Microplastics damage

Returning to the topic of microplastics, Lawler and many of her colleagues in the field are currently in the dark as to the potential damage (if any) from the consumption of said plastics.

A report earlier this year found that much of Ireland’s continental shelf showed traces of fragmented, miniaturised pieces of plastic and this would seem to be a cause for concern. For Lawler, however, the science just hasn’t reached a point where we can definitively say that yet.

“The chronic health impact of exposure to them is completely unknown – we have no idea,” she said, adding that many wastewater treatment plants in Ireland are just not advanced enough to remove or detect them.

“Some [treatment plants] will remove fats, soils and greases and would then send them to landfill. But we’re seeing you can get a lot of accumulation of microplastics and beads within those fats, soils and greases. Even if we remove 90pc of microplastics in a conventional wastewater plant with good technology, we’re still putting a lot of that back into the waterways.”
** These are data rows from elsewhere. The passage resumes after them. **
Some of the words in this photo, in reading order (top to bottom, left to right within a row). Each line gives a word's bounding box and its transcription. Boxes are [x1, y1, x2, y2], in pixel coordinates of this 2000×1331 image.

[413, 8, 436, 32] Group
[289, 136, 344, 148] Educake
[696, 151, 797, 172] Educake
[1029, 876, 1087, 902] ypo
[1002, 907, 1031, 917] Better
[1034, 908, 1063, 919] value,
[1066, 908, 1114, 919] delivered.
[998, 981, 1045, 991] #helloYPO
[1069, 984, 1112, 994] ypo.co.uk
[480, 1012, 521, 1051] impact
The good news is that the technology is rapidly catching up for our ability to both detect and stop microplastics in their tracks. Thanks to advances in imaging technology and analytical systems, researchers and facilities can now see contaminants at a nanogram-per-litre scale, which would have been impossible just a few years ago.

Throw on top of that the incredibly advanced membrane technologies being worked on by Lawler and her team, and you have a much more environmentally friendly and efficient system.

Graphene film

A film of graphene oxide used by Lawler and her team. Image: Jenny Lawler/DCU

No need to scaremonger

The DCU team is working with the wonder material graphene, which has demonstrated an incredible ability to act as a water filter.

While other research teams wait for graphene to become more commercially available, Lawler is using the more porous but cheaper graphene oxide, which she describes as having “amazing” filtering abilities.

Nature, too, is inspiring the next generation of filters, with Lawler describing how the biocidal nanopatterns on the wings of the cicada insect could be replicated to stop bacteria from blocking wastewater filters.

As the science behind microplastics expands in the years ahead, she stressed that she is not in the habit of trying to put people off using plastics.

“It may be that there is no risk or it’s an acceptable risk, but the research has to back it up,” she said.

“I absolutely don’t want to scaremonger. Everybody needs to use plastics. It’s very difficult to live without them at this stage.”